Within the first month or so of its opening, my husband and I stopped into Gather in Detroit’s Eastern Market for dinner. Small plates made for sharing? Check. Locally sourced ingredients from nearby farmers market? Check. Detroit-made candles in the bathroom? Check. Bicycle in the hallway? Check. At first glance, it seems like Gather checks all the boxes of the slew of trendy new Detroit restaurants to open in recent months.

The space was minimalistic with just three communal tables and 10 wooden school chairs pulled up to each table, plus a few seats at a tiny bar. Bright fluorescent lights hung from the ceiling. The open kitchen boasted white subway tile. The rosé slushie was a bit watery, and most of the meal was forgettable, except for a pork belly dish that had an excessive amount of pork belly. It was a bit one note, fat on top of fat, but with the amount of meat on it, the dish was worth at least $24. It cost $12. I thought to myself, “They’re gonna go broke. This place is never going to last.”

On a late summer day, over a year after my first visit, I tell the owners Lea and Kyle Hunt my initial thoughts on the first iteration of Gather as we sit in the second-floor space, which is equally minimalistic as the restaurant counterpart downstairs. This level is going to become Collect, a craft beer bar that, as of press time, was slated to open in October. Lea laughs at my assessment and says, “You were very right.”


Gather is not your typical new American small plates restaurant. This place is special, and it comes from the love and passion the owners and its kitchen staff have for what they’re doing.


Since opening in May 2017 after launching a Kickstarter and holding pop-ups, they’ve experienced a rocky first year, even by normal standards. Nate Vogeli, their first executive chef, left just a few months after opening, forcing the restaurant to close for a month while they searched for a new chef. The Hunts, high school sweethearts who hail from Macomb Township, saw their bank account get dangerously low before reopening. That first year was very difficult, Lea says.
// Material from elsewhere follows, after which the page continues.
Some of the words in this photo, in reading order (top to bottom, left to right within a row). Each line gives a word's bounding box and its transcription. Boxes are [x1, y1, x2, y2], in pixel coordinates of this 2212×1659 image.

Gather owners, Kyle and Lea Hunt
Owners Kyle and Lea Hunt

“It’s hard to make it through your first year of a restaurant,” Kyle says. “It’s hard to be closed for a month in the first year. It’s hard to change chefs in the first four months of the restaurant. But somehow, we made it. I feel like at our first-year anniversary party, we were like, ‘We did it!’ ”
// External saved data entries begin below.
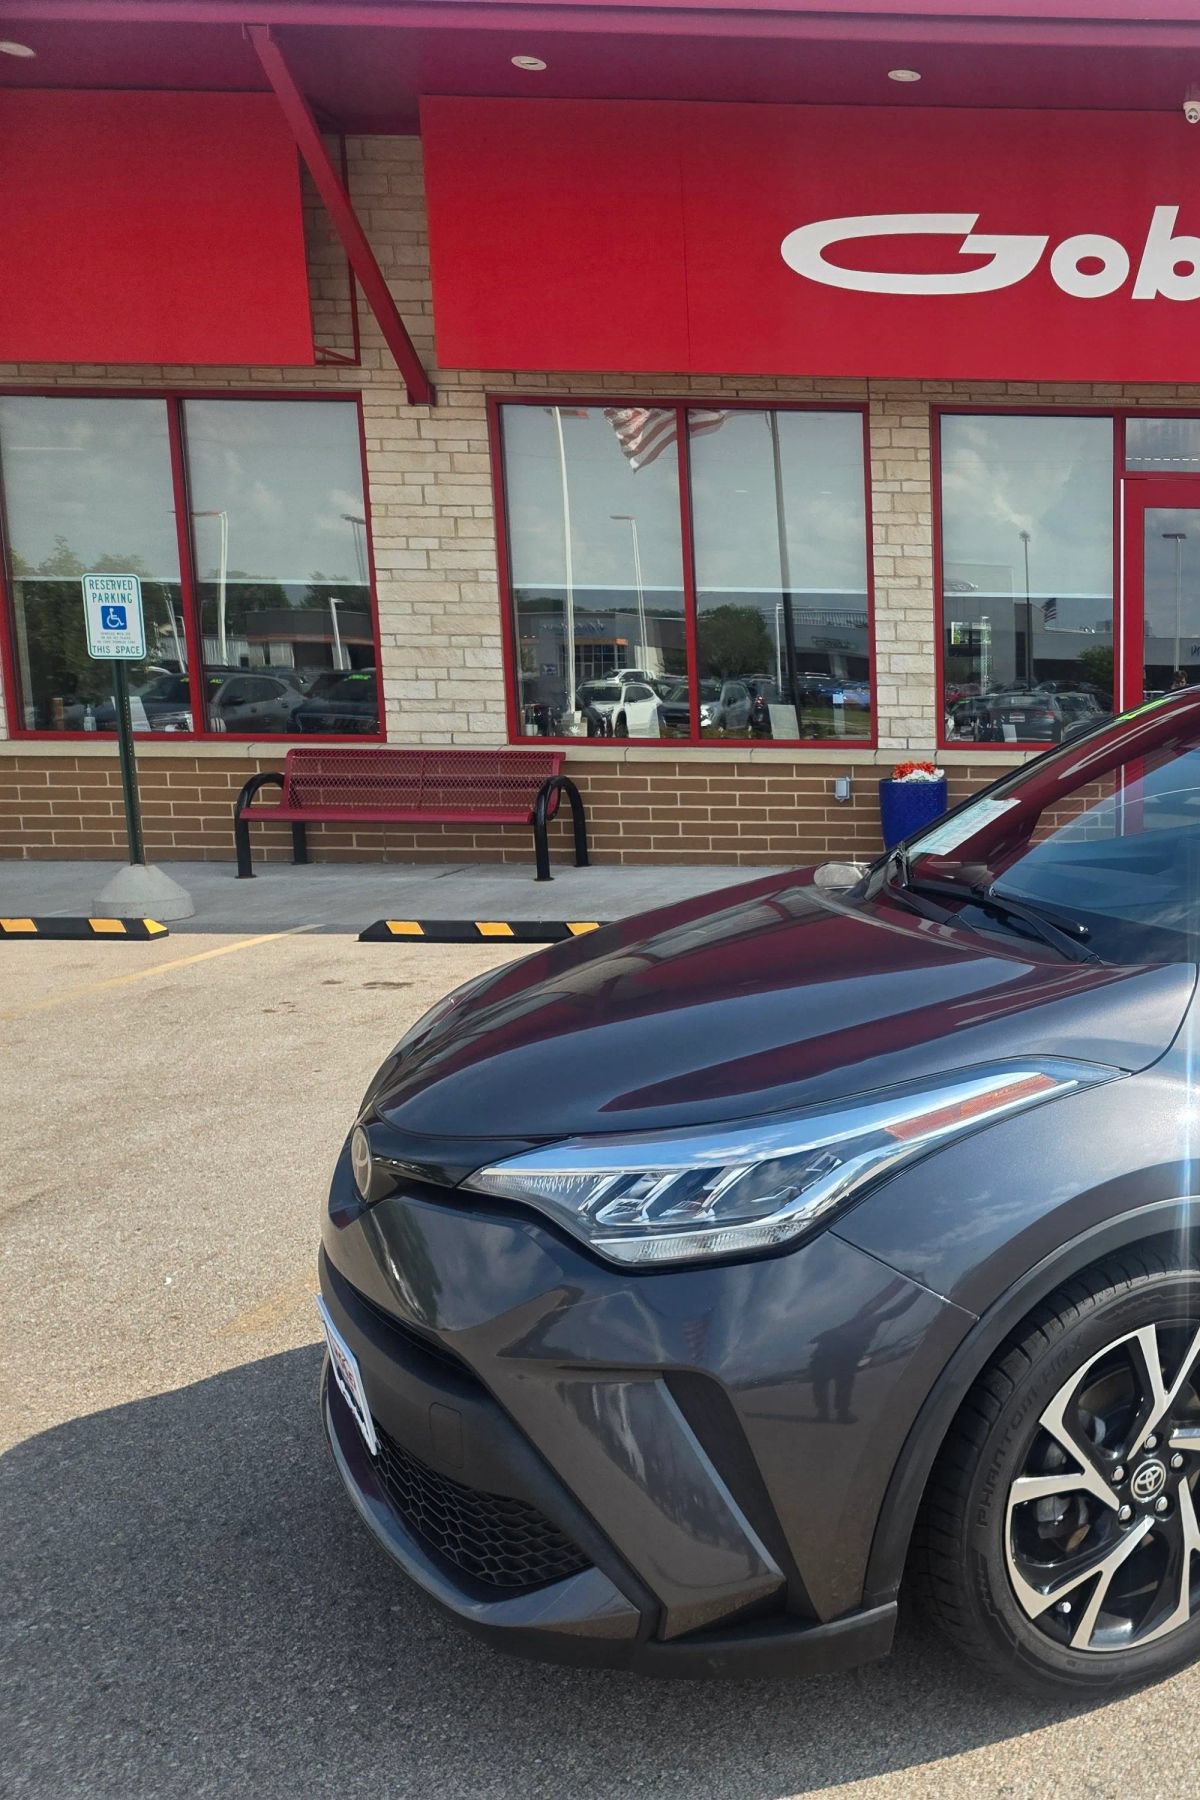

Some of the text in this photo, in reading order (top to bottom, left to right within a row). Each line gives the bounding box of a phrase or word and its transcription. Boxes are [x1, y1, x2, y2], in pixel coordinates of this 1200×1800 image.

[89, 579, 133, 591] RESERVED
[92, 592, 133, 604] PARKING
[92, 645, 141, 655] THIS SPACE
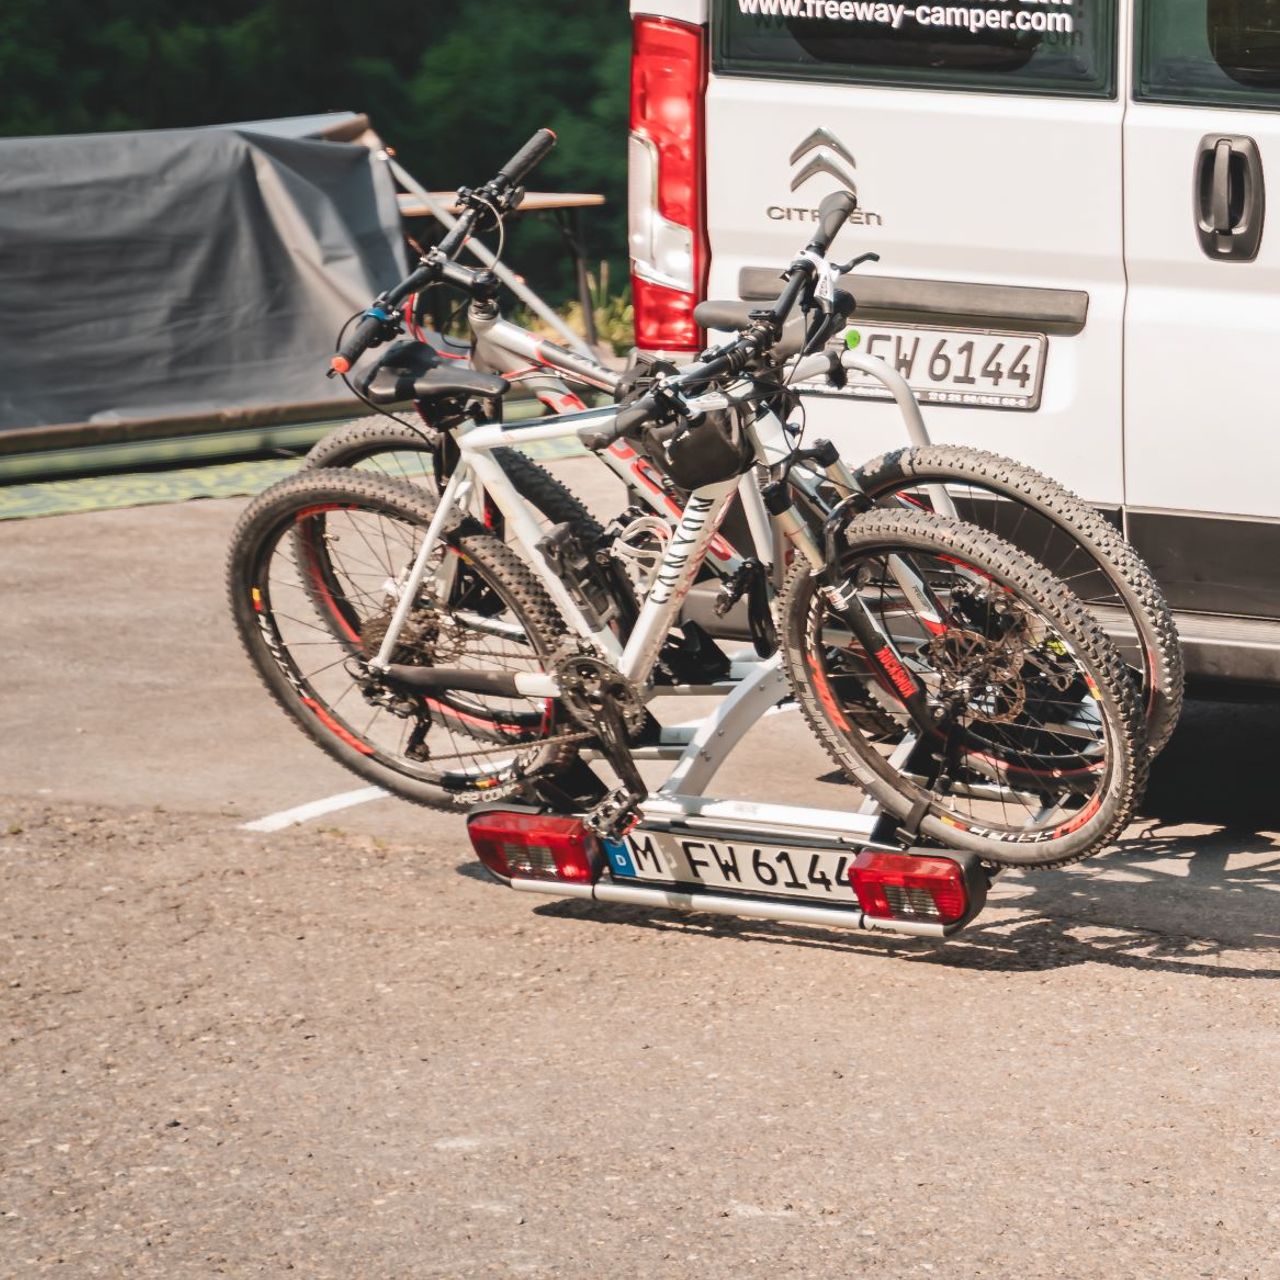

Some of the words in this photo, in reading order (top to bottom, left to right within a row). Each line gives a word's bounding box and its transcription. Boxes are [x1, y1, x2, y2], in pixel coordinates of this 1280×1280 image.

[766, 205, 883, 226] CITRËN
[865, 333, 921, 380] FW
[927, 338, 1032, 389] 6144
[649, 495, 716, 605] CANYON
[874, 645, 918, 699] ROCKSHOX
[616, 853, 627, 867] D
[627, 834, 662, 874] M
[681, 840, 742, 883] FW
With executive chef Jessi Patuano now heading up the kitchen, the rookie restaurateurs have settled in and come into their own. The Hunts had no restaurant experience before — Lea has a background in sports marketing and Kyle in sustainability — but they went all in on this 34-seat eatery.

During my second visit, though the space looked very much the same, the menu had been revamped under Patuano, a Schoolcraft College grad who has had experience in the finest kitchens in metro Detroit, including The Root, Chartreuse, and Torino. Together, Patuano and the Hunts are working to create a neighborhood restaurant that is nurturing and inviting, more like a dinner party and less of a formal experience. After you walk into Gather’s clean and simple space, you’re ushered to one of the stainless-steel tables and reclaimed school chairs. If it’s busy, you will have to sit next to strangers — and it’ll be cozy. There’s a knife and fork placed atop a brown paper napkin on the table and next to amber-colored plastic glasses. The silverware might not be in the right place according to fine-dining standards, says Lea, and that’s OK. The menu is short and, during the times I visited, has dishes like house-smoked barbecue ribs and socca, a chickpea flatbread. The food is served on plates that look like it came straight out of grandma’s china cabinet.

Heirloom Tomato Bruschetta
Heirloom Tomato Bruschetta: Marinated heirloom cherry tomatoes, cucamelons, spicy green pesto, radish, fresh herbs, grilled country bread, and black pepper ricotta

Gather is not your typical new American small plates restaurant. This place is remarkably special, and it comes from the love and passion the owners and its kitchen staff have for what they’re doing, whether it’s giving back to the community through Burger Wednesday — a day when diners can enjoy a $5 burger in exchange for an item that will benefit the restaurant’s charity partner of the month — or making as many components of each dish in house. Other than condiments such as Blis hot sauce and breakfast sausage from Farm Field Table, everything is “painstakingly made from scratch,” Patuano says. They recently launched a bread program which mean they are baking sourdough and country bread in house.

Socca
Socca, a chickpea flatbread with herb-marinated veggies, garlic purée, pickled peppers, fresh tomato, and spinach

Like the food menu, the cocktail and wine list is also brief and simple. When we visited, there were about nine wines, a mix of New and Old World wines, available by the glass and bottle. No bottle cost more than $44, a Blanc de Blanc from Burgundy. There are even fewer cocktails listed, including a margarita, French 75, and the Clint and Chelsea (Stroh’s and a cheap shot of bourbon) to name a few. All cocktails feature spirits from Eastern Market neighbor Detroit City Distillery.During the late summer when we dined, my husband immediately gravitated toward the peach and tomato panzanella salad, which I was hesitant to order because it’s so simple. Why get a stale bread salad when there are so many other choices? But Patuano reimagines this Italian side dish with a Middle Eastern spin, boasting pickled peaches and red onions, tahini vinaigrette, baba ghannouj, and sunflower seed za’atar. Patuano layers flavor after flavor and this simple salad is transformed into a stunning dish that is perfectly balanced between salty, sweet, acidic, and spicy.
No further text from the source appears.